------ Information given ------
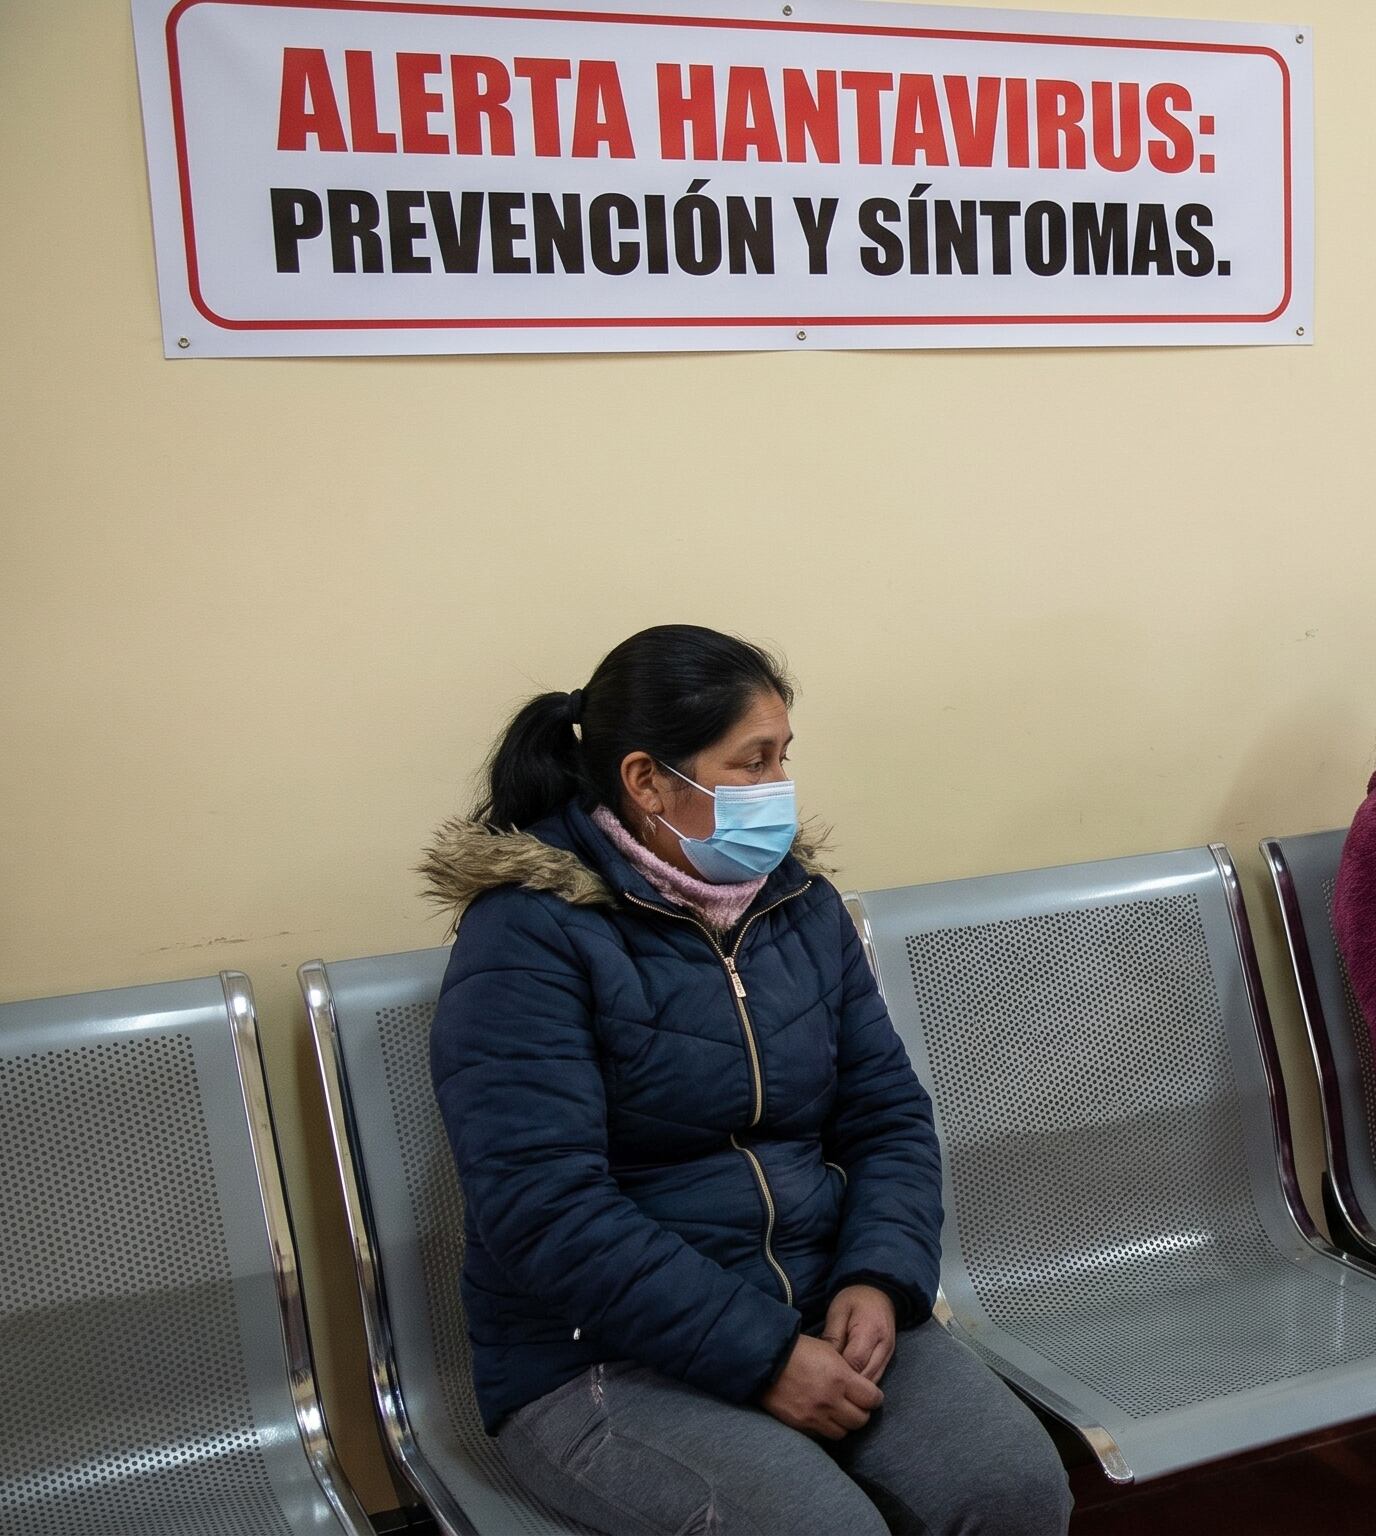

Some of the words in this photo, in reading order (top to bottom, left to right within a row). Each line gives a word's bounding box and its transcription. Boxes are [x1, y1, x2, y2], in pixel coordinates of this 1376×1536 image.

[278, 48, 635, 160] ALERTA
[656, 63, 1215, 174] HANTAVIRUS:
[271, 178, 775, 276] PREVENCIÓN
[792, 197, 839, 275] Y
[858, 183, 1231, 277] SÍNTOMAS.
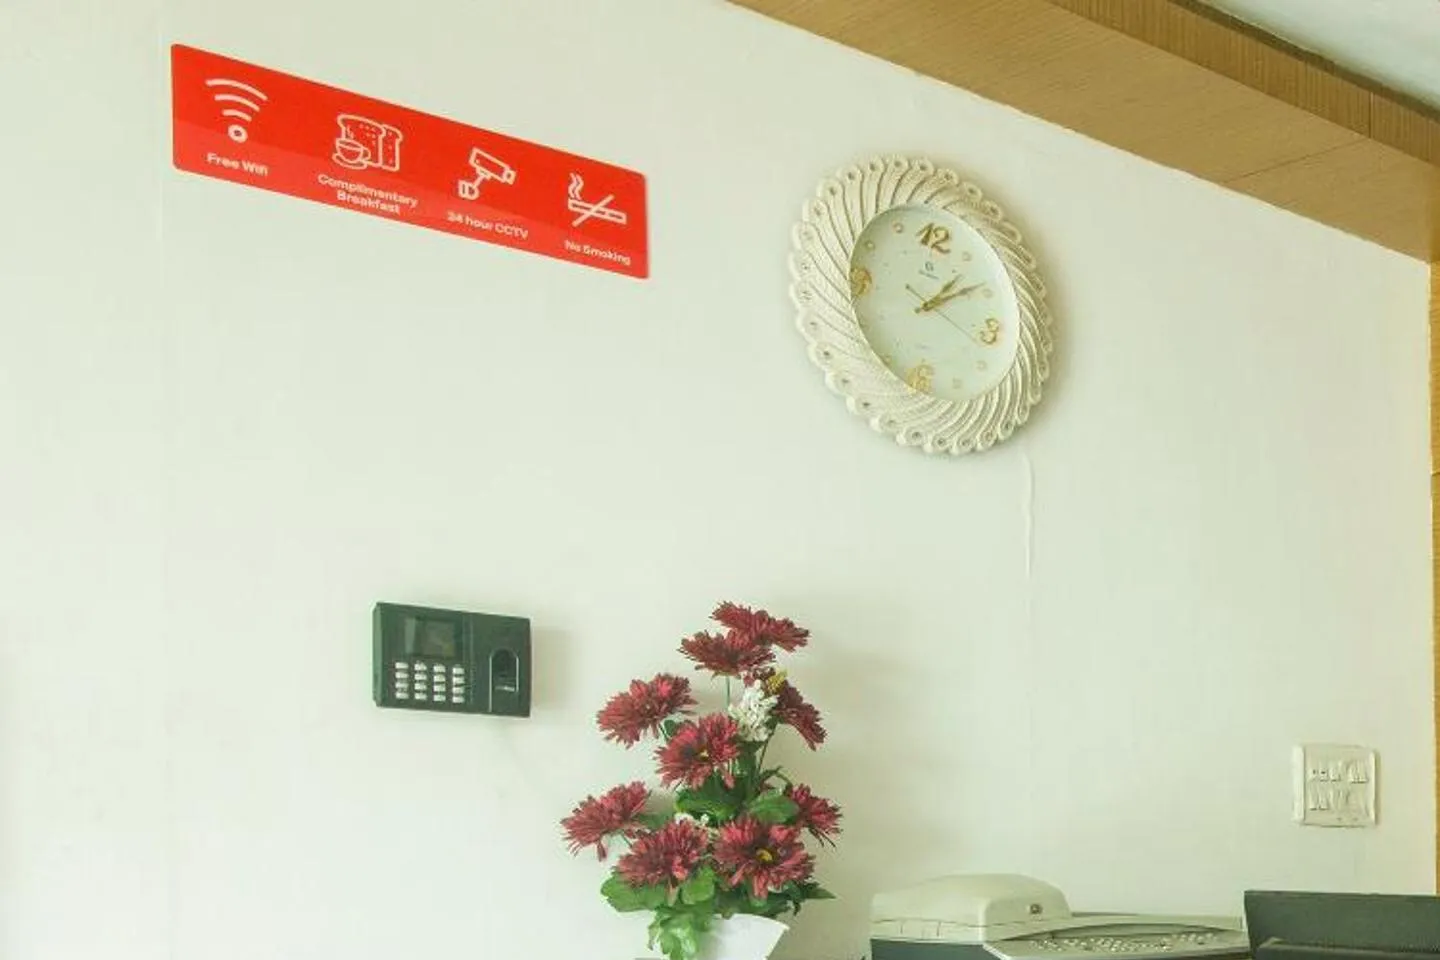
------
**Problem description**
Restate all entries above exactly, but not the images.

**Reply to the exercise**
Some of the words in this photo, in reading order (top to bottom, left to right within a row). Each line gives a word's bounding box and its transcription. Boxes are [x1, y1, x2, y2], in pixel coordinates of this 1376×1536 image.

[278, 48, 635, 160] ALERTA
[656, 63, 1215, 174] HANTAVIRUS:
[271, 178, 775, 276] PREVENCIÓN
[792, 197, 839, 275] Y
[858, 183, 1231, 277] SÍNTOMAS.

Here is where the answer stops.